I've been predicting for some time that equity indexed annuities and the sales practices associated with them will be the next big scandal financial services industry. And now my predictions are coming true.
After a chorus of complaints, the National Association of Securities Dealers (NASD) and the Securities and Exchange Commission (SEC), finally taking notice. At a recent conference in Chicago securities, NASD officials warned convergent brokerage firms they are opening themselves to civil liability where equity indexed annuities in question.
The NASD also clearly stated its authority to supervise the suitability of the transactions relating to equity indexed annuities. "Every time you make unsuitable recommendations, we have jurisdiction," said Jim Shorris of the NASD.
This is good news for investors and bad news for the charlatans who have been using this product in the milk of people over thousands dollars. Now, investors can turn to the NASD for help. The actions of the NASD also increase the potential success of civil lawsuits filed by investors.
It's not just the NASD is taking note. Recently, I was invited by the Financial Planning Association to participate in a conference call with officials of the SEC. The SEC had looked to equity indexed annuities for several years, but no action. Hopefully this time will be different.
You can not think that NASD or SEC involvement is all that revolutionary, but it is. Let me explain. Brokers who are licensed to sell investments are regulated federal level. The NASD and SEC police their actions.
Equity Indexed Annuities, however, are not regulated at the federal level, but each insurance State Commissioner. Although equity indexed annuities are technically an insurance product, sold as an investment. But all an agent has to do to to sell them is to sit through a five-day course and pass a simple test in health and life insurance.
It used to be that equity annuities Indexed are primarily sold by independent insurance agents.
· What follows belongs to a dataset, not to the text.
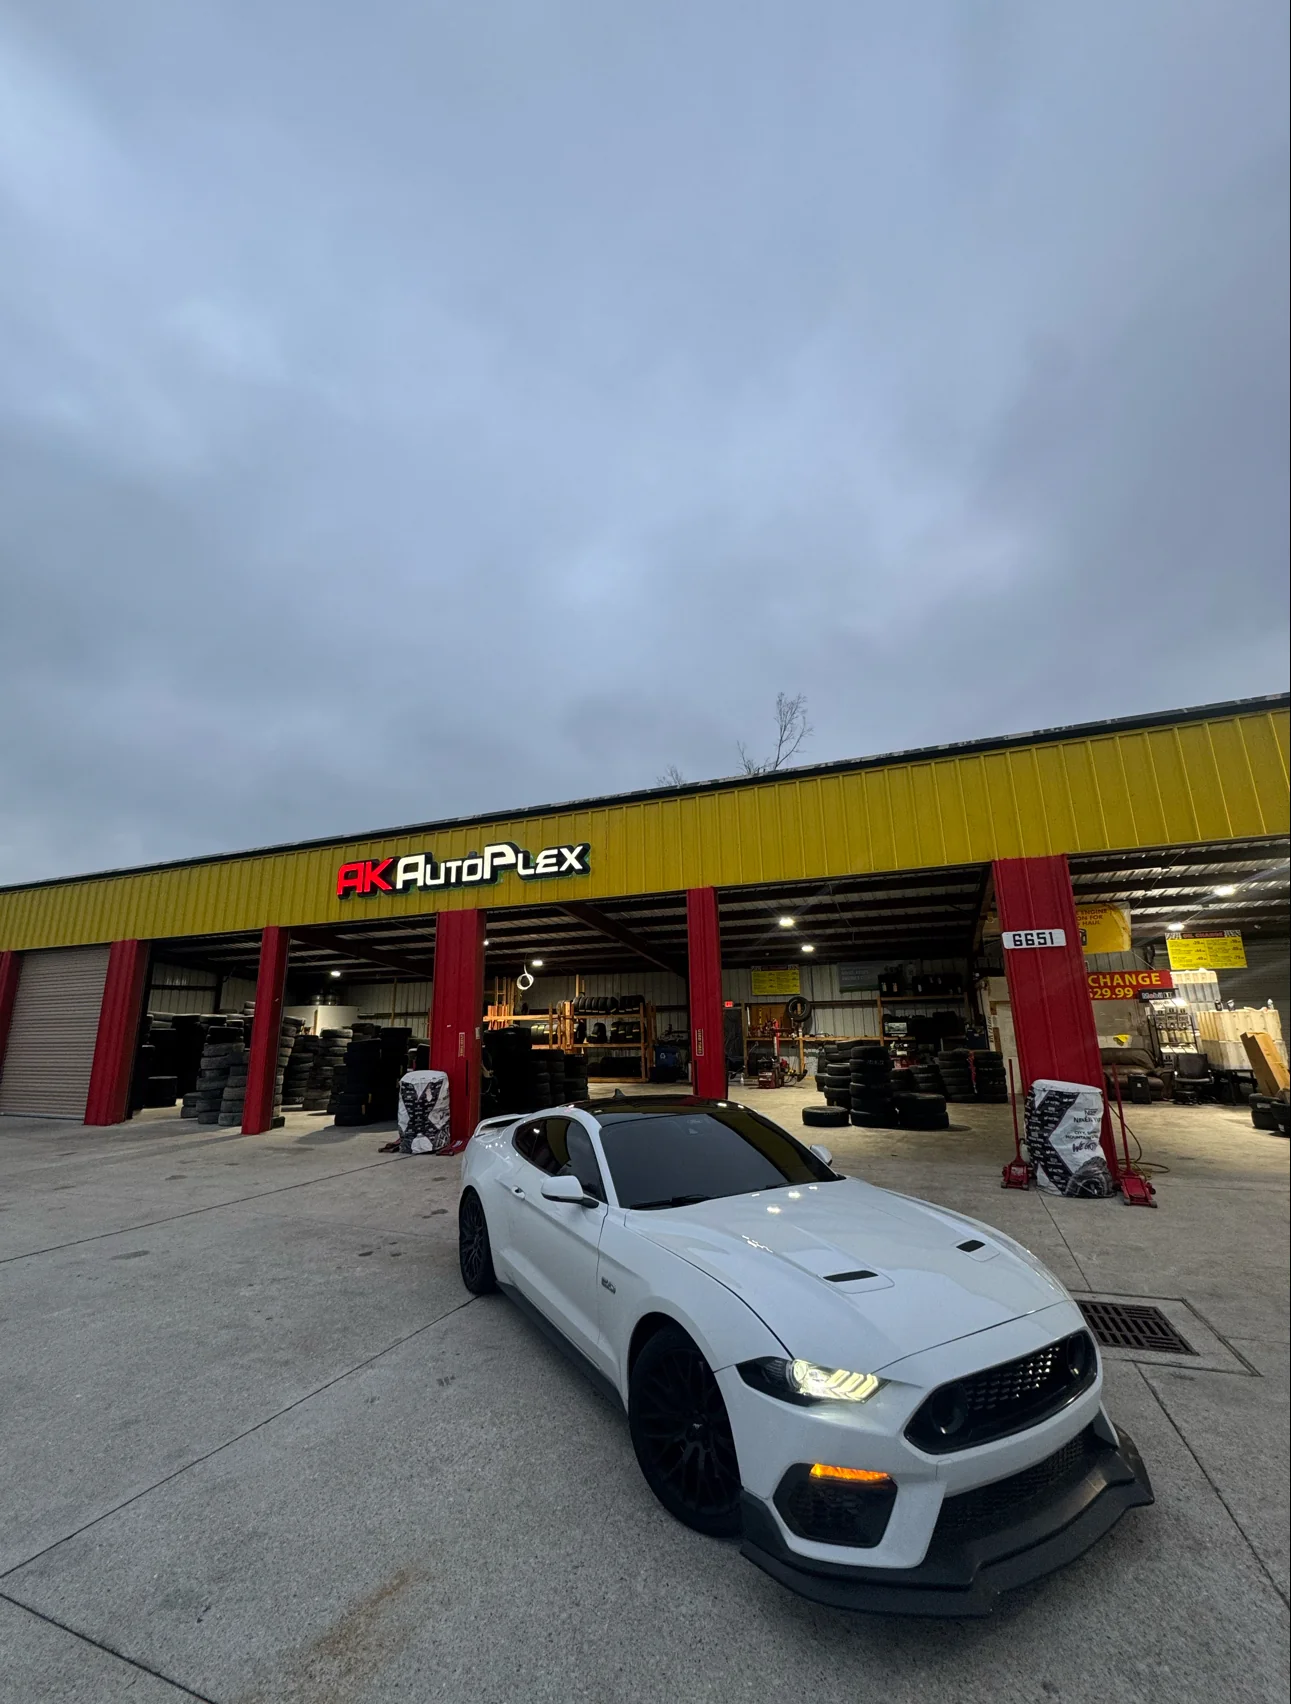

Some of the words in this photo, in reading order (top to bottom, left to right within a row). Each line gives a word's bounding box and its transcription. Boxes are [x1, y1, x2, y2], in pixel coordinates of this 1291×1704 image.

[337, 857, 394, 896] AK
[1012, 931, 1054, 947] 6651
[1088, 972, 1161, 987] CHANGE
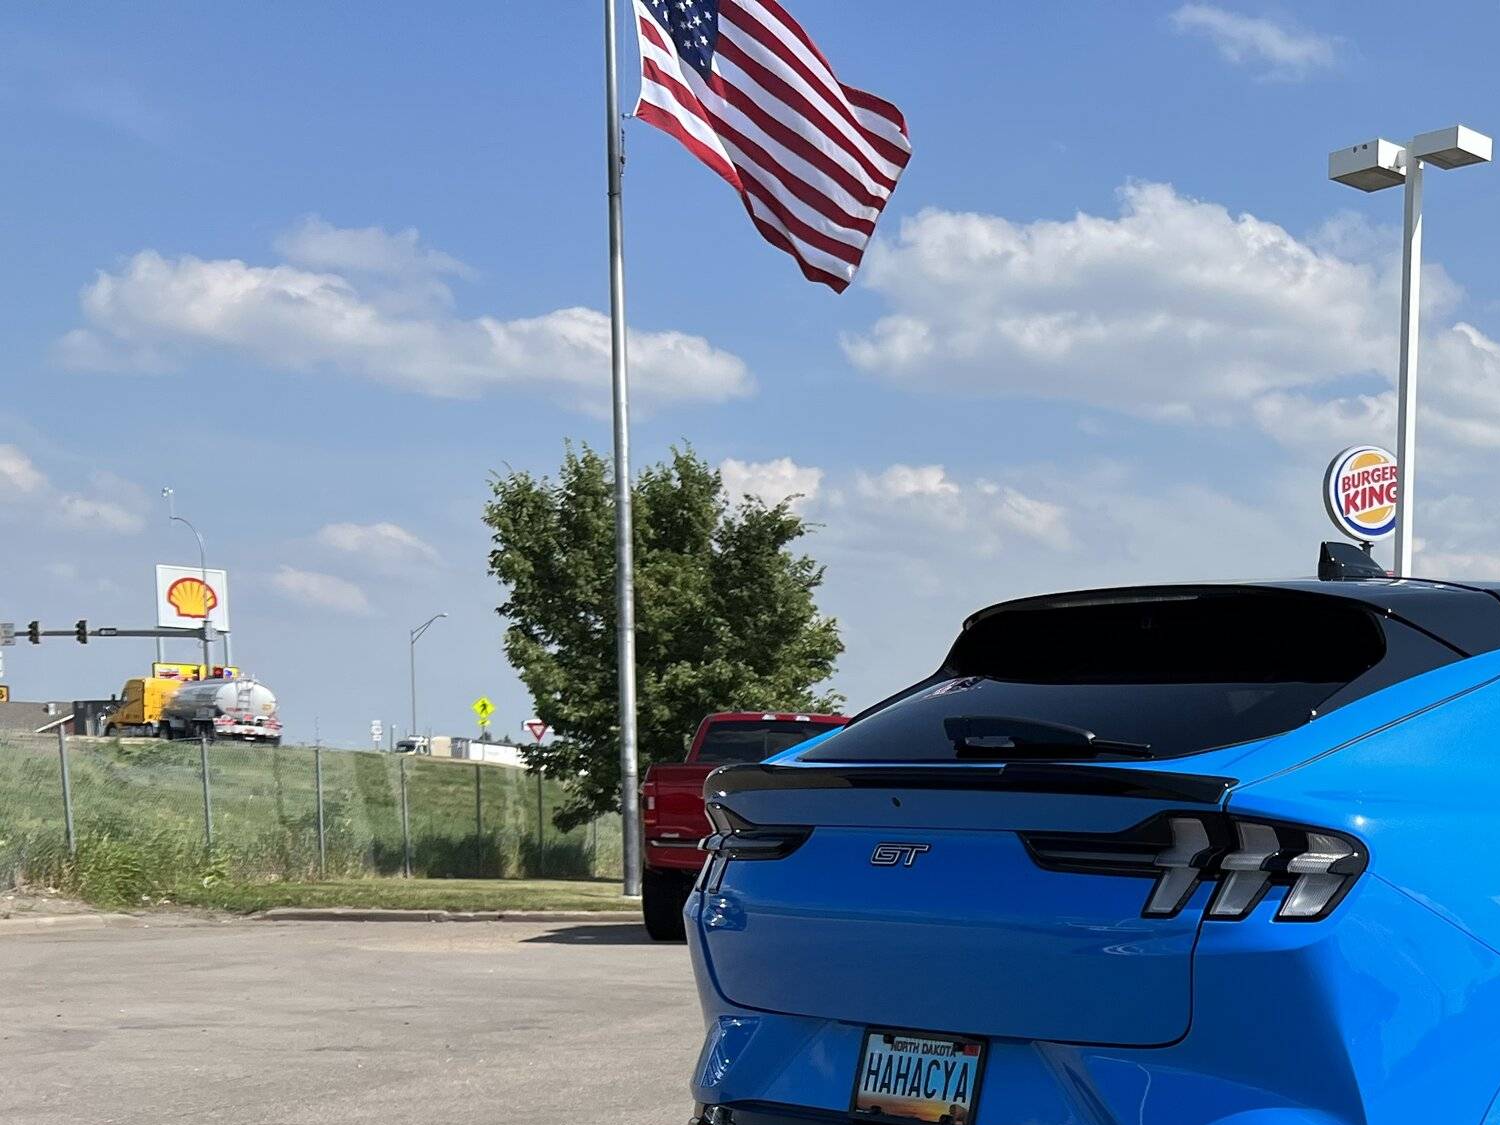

Now being sold by agents working for big brokerage firms. High commissions these payment products are simply too tempting. Worse, these agents are not selling under the umbrella of your company. Are being sold as what is called a 'Business outside. "
That means that despite speaking with a person who works for a large brokerage house and that person you want to sell your annuity variable, pay a fine and spend money in an equity-indexed annuity, the company is the police will not compromise. Each trade made by the agent must comply with strict compliance and regulatory standards. Sales of equity indexed annuities do not.
If an advisor were to place 100% of the investable assets of a client in a variable annuity or an individual stock or mutual fund, probably would face fines and possible revocation of his license. At least, it would opening themselves and their company to potential claims. However, I often hear from the consultants to tell a client that should put 100% of their money in annuities Equity Indexed.
Under federal regulations, an advisor can not recommend a client to pay a penalty of 7% to leave and move to an annuity then move the money into another high commission product. That's like getting a stockbroker who constantly buy and sell stocks so they can earn a commission and is called churning. However, I see that advisers with 'bonus' to offer some equity-indexed annuities do just that.
Now that the NASD has stated clearly that these advisors can no longer sell shares outside the regulatory umbrella indexed annuities your company, we hope that some of these unethical practices in sales be put to a stop. But investors need to beware! High commissions offered by these products, sometimes as high as 13%, are too tempting for consultants many to ignore. Do not expect to change their ways overnight.
The increasing control of equity indexed annuities can only be good for the investor. Careful investigation of this and any other investment before you buy. Otherwise, an investment could be quickly regret.